Wednesday 20 May 2009

Co-creation with children

If you want to design a new product for children, ask a 9 year old. This week and last we’ve been spending time in schools and in homes, asking children to help us with some designs. As always the 7-10 year olds we’ve been talking to have come up with innovative and unique ideas that none of us adults could have imagined. This co-creation gives immense input into such a project, and also allows children to feel empowered and part of the creative process.

Co-creation was a theme that came up repeatedly at this month’s MRS Youth Research Conference at Sadler’s Wells. It is a theme aptly described by Andrew Needham of Face as a process where ‘creativity is democratised’. There were excellent sessions in the conference that discussed the way in which young people can help to create campaigns, including Beth Corte-Real from Coca Cola, Philip McNaughton and Andrew Needham from Face and Nadia Zohhadi from Unilever.

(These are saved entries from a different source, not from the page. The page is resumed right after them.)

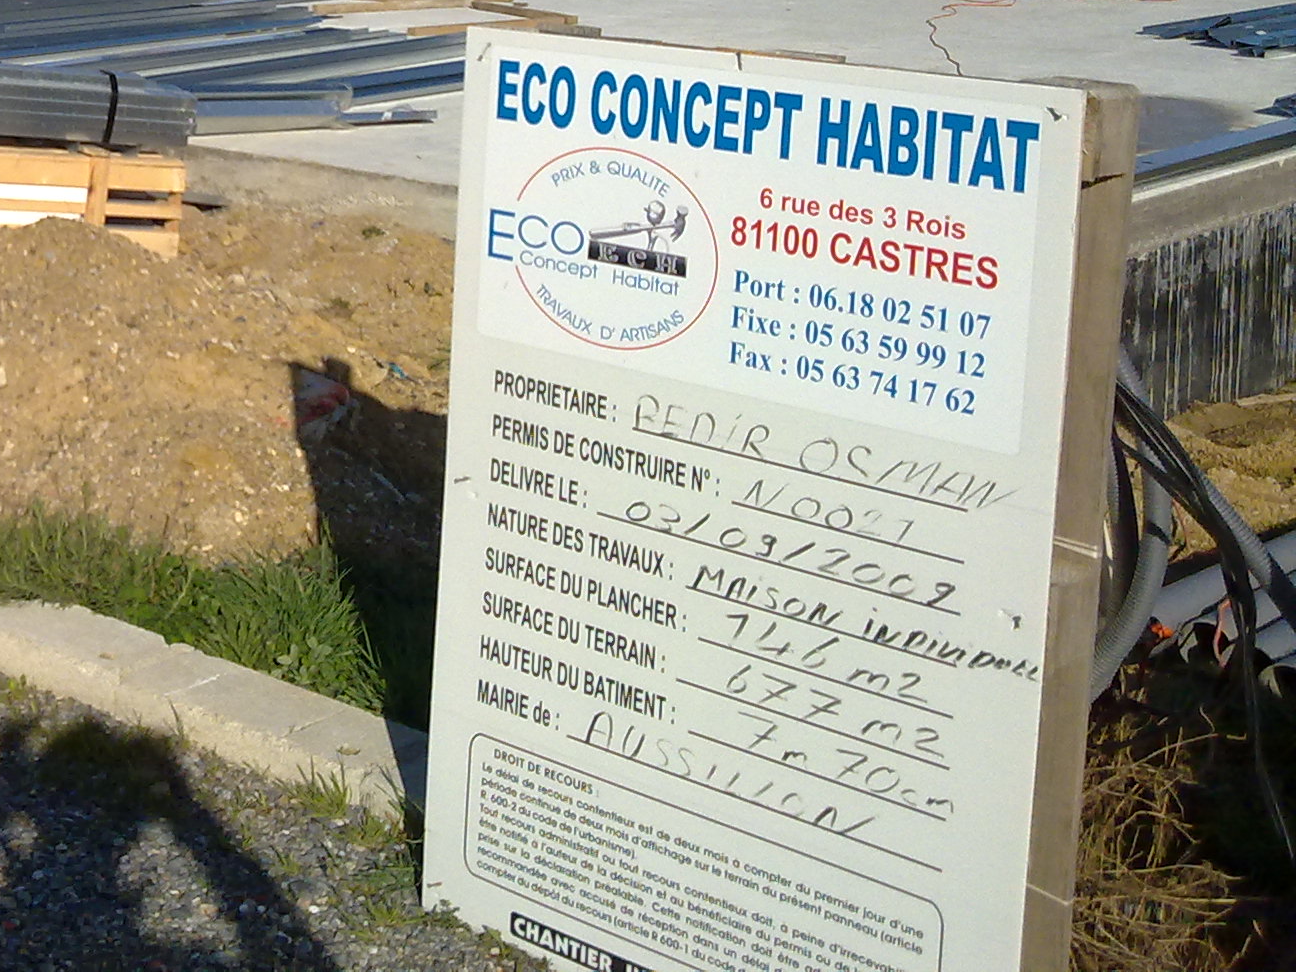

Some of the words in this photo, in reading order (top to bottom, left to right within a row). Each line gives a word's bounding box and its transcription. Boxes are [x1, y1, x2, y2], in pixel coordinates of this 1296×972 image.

[495, 57, 578, 131] ECO
[588, 68, 803, 162] CONCEPT
[815, 96, 1041, 196] HABITAT
[552, 162, 585, 187] PRIX
[590, 161, 600, 174] &
[607, 161, 670, 197] QUALITE
[488, 208, 584, 261] ECO
[758, 186, 774, 210] 6
[780, 194, 820, 218] rue
[828, 196, 875, 226] des
[881, 205, 898, 230] 3
[905, 208, 967, 241] Rois
[520, 250, 597, 279] Concept
[612, 270, 679, 296] Habitat
[729, 214, 819, 260] 81100
[828, 230, 1000, 291] CASTRES
[537, 284, 592, 334] TRAVAUX
[620, 310, 684, 342] ARTISANS
[807, 282, 875, 320] 06.18
[881, 295, 912, 327] 02
[919, 302, 950, 333] 51
[957, 309, 992, 341] 07
[803, 318, 834, 349] 05
[840, 325, 870, 356] 63
[876, 333, 908, 364] 59
[914, 340, 947, 372] 99
[956, 348, 987, 380] 12
[794, 354, 825, 384] 05
[830, 361, 861, 392] 63
[867, 369, 899, 400] 74
[907, 377, 938, 409] 17
[943, 384, 977, 417] 62
[489, 457, 555, 499] DELIVRE
[491, 413, 550, 452] PERMIS
[553, 428, 575, 459] DE
[578, 436, 687, 488] CONSTRUIRE
[487, 501, 548, 543] NATURE
[552, 520, 584, 554] DES
[484, 545, 556, 592] SURFACE
[559, 569, 582, 600] DU
[481, 589, 554, 636] SURFACE
[557, 614, 580, 645] DU
[479, 633, 553, 682] HAUTEUR
[556, 660, 580, 692] DU
[476, 677, 530, 720] MAIRIE
[728, 663, 842, 723] 677
[493, 747, 525, 770] DROIT
[527, 759, 540, 775] DE
[481, 761, 492, 774] Le
[521, 776, 534, 790] de
[576, 799, 635, 829] contentieux
[813, 889, 859, 914] premier
[683, 885, 747, 918] contentieux
[823, 909, 877, 937] panneau
[512, 913, 613, 972] CHANTIER
[685, 916, 746, 948] notification

I ran a couple of the panel sessions, and the morning discussion focused on the ways in which market research is borrowing from and working with academic research to find new and original ways to explore the world of children and young people. We decided to debate this link because we are aware that as market research becomes ever more sophisticated, we are using different and unusual research techniques, many of which have their origin in academic research – and I’m thinking particularly of ethnography and semiotics, but of course there’s much else: discourse analysis, psychosocial analysis , Action Research etc.

There has been much debate about this recently. Procter & Gamble’s Kim Dedeker proclaimed earlier in the year that ‘the research industry will be on life support by 2012 unless it turns to methods more in touch with the lifestyles of the consumers we seek to understand.’ And Joel Rubinson, the Chief Research Officer for the highly influential Advertising Research Foundation in the US said at its conference that ‘There’s a shift in how humanity is communicating which produces a continuous stream of data in people’s naturally occurring conversations. Consumers are a genie that won’t go back in its bottle.’ And he goes on to say that the industry should look to anthropologists and behavioural scientists to provide a greater understating of consumers. I’ll be writing more about this next week.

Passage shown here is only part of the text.